Il acheva son propos avec un sourire narquois qui fit rire les autres, y compris Jessica. Elle reprit la parole pour tisser entre les expériences de chacun :

–Effectivement ce que vous décrivez me fait penser à un concept qui a été décrit par un sociologue, Monsieur Zygmunt Bauman. Il évoque un changement de paradigme d’une société solide basée sur des repères précis et stables dans le temps comme ce que décrit le grand-père de Lucie, à une société liquide, sans limites, où le culte de la vitesse, de l’immédiateté et du changement permanent sont présents et où nous avons besoin de constamment nous adapter pour éviter de rester à la gare ou de nous enfoncer dans les sables mouvants.

–Vous voulez dire que la société actuelle est dangereuse et qu’il n’y a rien de bon là-dedans ? interrogea Lucie. Parce que du coup, autant en finir tout de suite, ça ne sert à rien de lutter.

–Qu’est-ce que vous en pensez les autres ? Qu’est-ce que vous voudriez répondre à Lucie ? demanda Jessica.

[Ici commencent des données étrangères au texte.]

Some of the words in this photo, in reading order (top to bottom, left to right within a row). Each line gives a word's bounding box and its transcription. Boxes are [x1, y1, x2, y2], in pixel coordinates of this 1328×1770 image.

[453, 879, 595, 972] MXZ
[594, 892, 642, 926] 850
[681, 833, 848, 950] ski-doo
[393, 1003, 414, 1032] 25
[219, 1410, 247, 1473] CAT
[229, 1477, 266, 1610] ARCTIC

–On peut peut-être organiser un suicide collectif dans un dernier trip festif qu’on filmerait. Ce serait la célébrité assurée, plaisanta Maël, qui appréciait tout particulièrement de parler de la noirceur de la vie et ne manquait pas une occasion de faire référence à la mort. Vous imaginez les gros titres « un groupe de jeunes choisissent de dire non à une société liquide trop destructrice en se noyant dans l’alcool »…

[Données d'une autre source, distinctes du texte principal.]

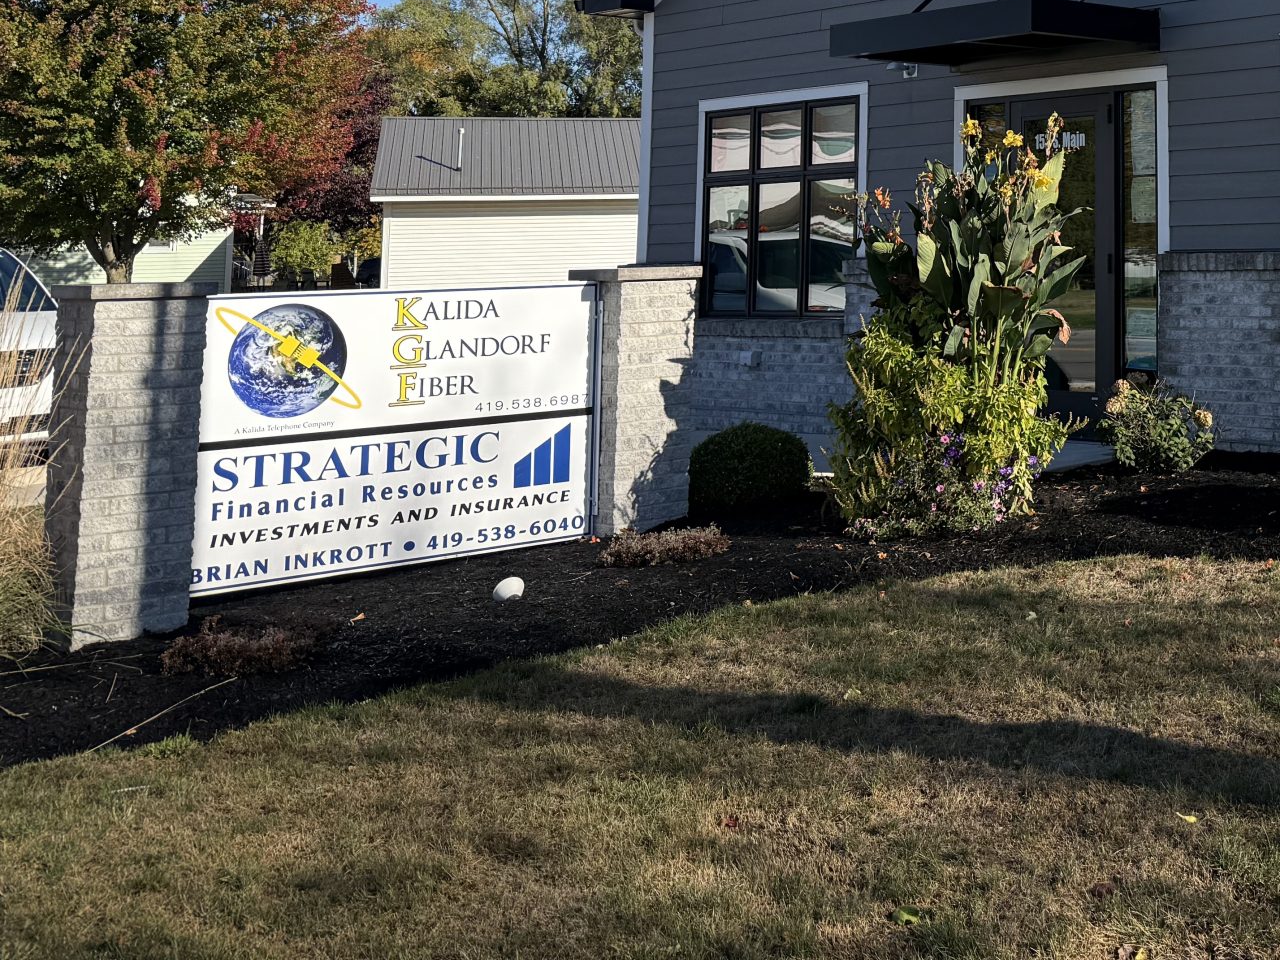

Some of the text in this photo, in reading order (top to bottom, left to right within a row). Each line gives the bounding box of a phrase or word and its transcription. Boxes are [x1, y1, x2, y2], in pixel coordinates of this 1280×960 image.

[1035, 133, 1050, 150] 15
[1062, 131, 1086, 148] Main
[394, 297, 500, 329] KALIDA
[391, 334, 551, 365] GLANDORF
[396, 371, 479, 403] FIBER
[475, 393, 589, 413] 419.538.6987
[234, 420, 335, 435] A Kalida Telephone Company
[212, 430, 500, 494] STRATEGIC
[211, 473, 498, 522] Financial Resources
[209, 490, 571, 549] INVESTMENTS AND INSURANCE
[191, 514, 585, 585] BRIAN INKROTT 419-538-6040
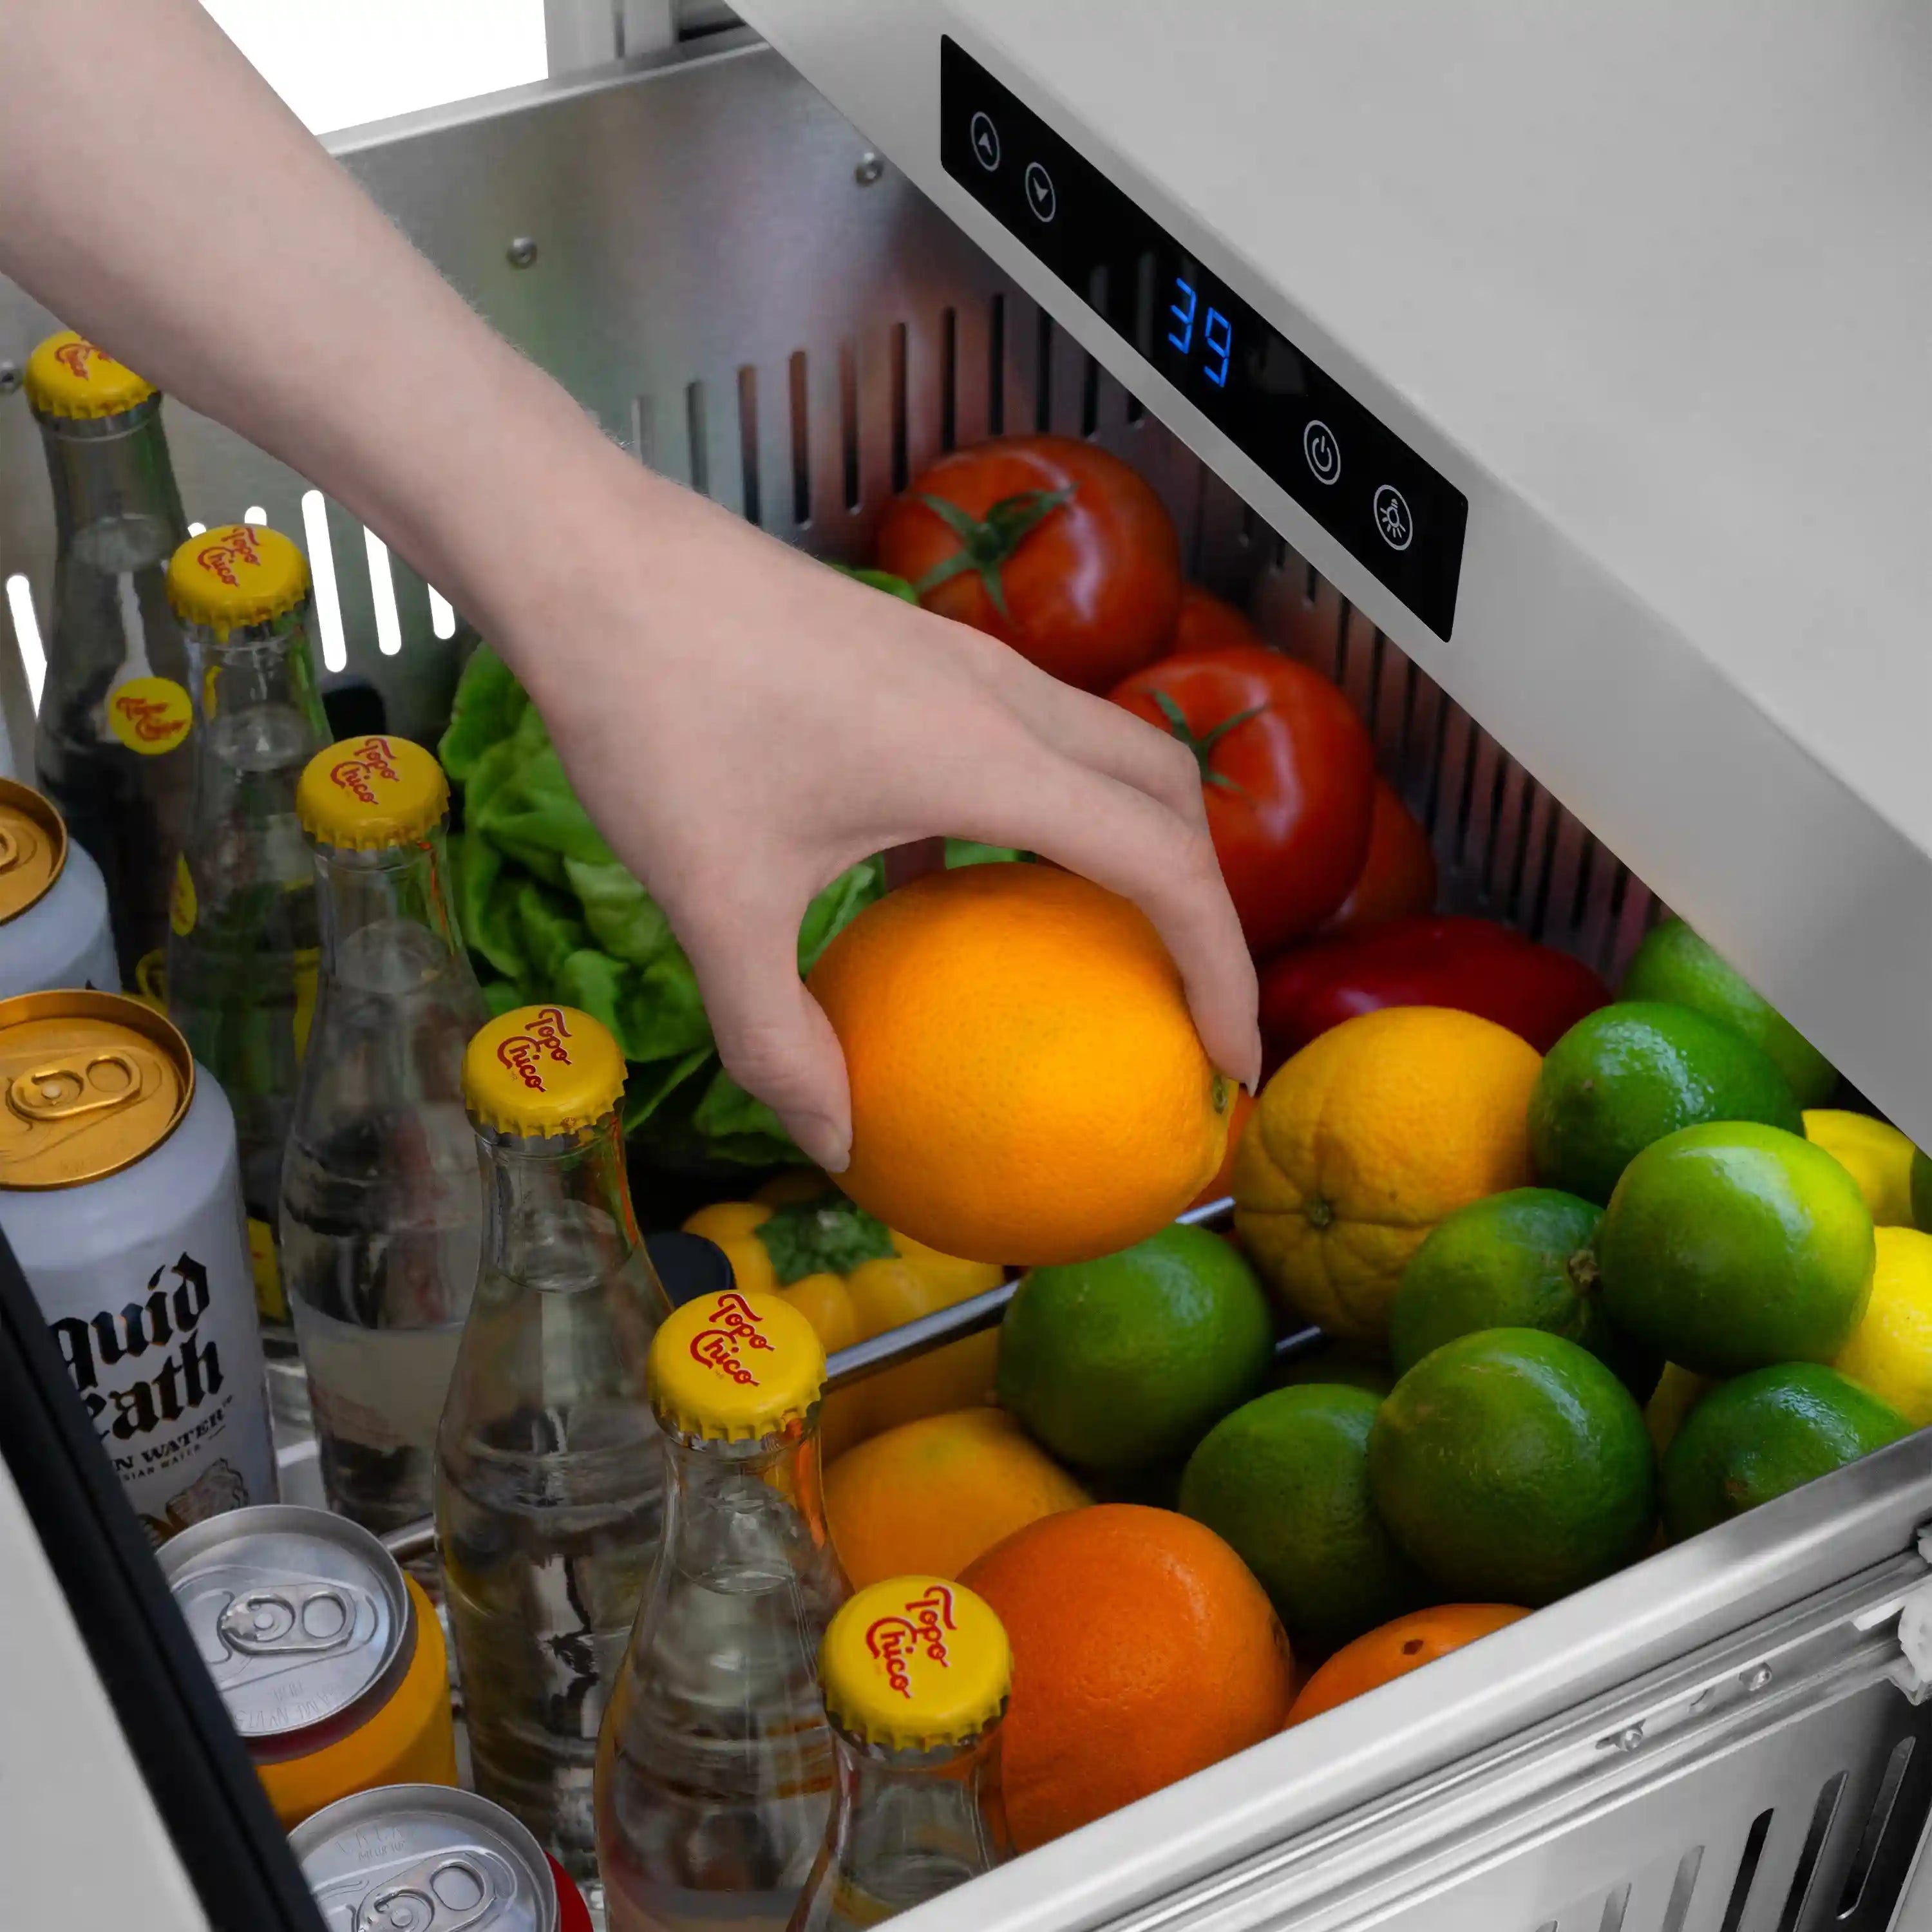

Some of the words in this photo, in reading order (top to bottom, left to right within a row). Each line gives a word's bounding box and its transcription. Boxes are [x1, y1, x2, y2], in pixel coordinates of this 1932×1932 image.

[1168, 278, 1231, 388] 39
[197, 546, 240, 589] Chico
[330, 761, 379, 805] Chico
[354, 738, 400, 782] Topo
[497, 1036, 546, 1093] Chico
[525, 1009, 572, 1066] Topo
[50, 1251, 210, 1391] quid
[708, 1293, 776, 1352] Topo
[690, 1329, 760, 1387] Chico
[905, 1586, 957, 1668] Topo
[866, 1616, 917, 1699] Chico

–Sympa l’ambiance, rétorqua Arnaud mal à l’aise face à ce comportement qui le renvoyait à lui-même quelques mois auparavant.

–Ne fais pas attention à lui, c’est son délire d’être dans le glauque, le rassura Delphine. Sérieux Maël… t’es quand même sacrément taré !

Plutôt que de rétorquer Maël préféra observer comment Jessica allait le défendre. Elle commençait à avoir l’habitude, car à chaque groupe, il se devait de faire référence à des choses mortifères. Elle savait que dans les entretiens individuels et avec ses parents, il était capable d’augmenter le niveau de compétences dans le gore, donc elle était plutôt contente qu’il se contienne dans le groupe. Les autres restaient bienveillants à son égard, comme s’ils sentaient qu’il ne pouvait pas faire autrement, tout du moins dans l’immédiat. Elle lui adressa donc un regard qu’il connaissait par cœur et il s’excusa avec une mimique bien à lui.

–Bon, je crois que Maël vient de nous envoyer le signal que le temps de groupe est terminé. Je vous propose pour la prochaine fois de réfléchir au pour et au contre d’une société solide et d’une société liquide et nous poursuivrons ce que nous avons entamé aujourd’hui.

–C’est quoi l’intérêt Madame ? demanda Titouan.

–C’est une très bonne question. Est-ce que quelqu’un a une idée ?

–Apprendre la nuance, comme vous le dites souvent, proposa Delphine.

–Connaître son ennemi permet de mieux s’y adapter et d’avoir un coup d’avance sur lui, poursuivit Maël.

–Ou plutôt de mieux comprendre comment le monde fonctionne nous permet de mieux nous adapter et de ne plus avoir l’impression d’être asphyxié ou broyé, reformula Jean-Baptiste.

Jessica attendit que d’autre s’expriment. Comme tous restèrent silencieux, elle félicita chacun pour ses propositions et mit fin au groupe. Arnaud avait lui aussi une réponse qu’il n’avait pas osé mettre au milieu : quel monde transmettre à son enfant. C’était trop tôt pour partager avec le groupe, mais il était content de cette séance finalement. Il avait pu observer le chemin parcouru en s’identifiant à Maël. Et Jean-Baptiste lui rappelait beaucoup un de ses amis qu’il avait rencontré dans ce même groupe lors de sa précédente hospitalisation. Il s’appelait David. Ils ne se voyaient pas aussi régulièrement qu’ils le voulaient mais ils avaient conservé un lien indéfectible et sincère. Une véritable amitié comme il n’en a pas connue beaucoup. Pourtant au départ, il le détestait. Progressivement, les liens tissés avaient été un des facteurs importants de son nouveau départ dans la vie. Il sourit aux réminiscences de certains sourires. En partant, il remercia Jessica et prit la direction de sa chambre. Pour l’instant, il n’avait pas tellement envie de se mêler aux autres… le temps de se familiariser.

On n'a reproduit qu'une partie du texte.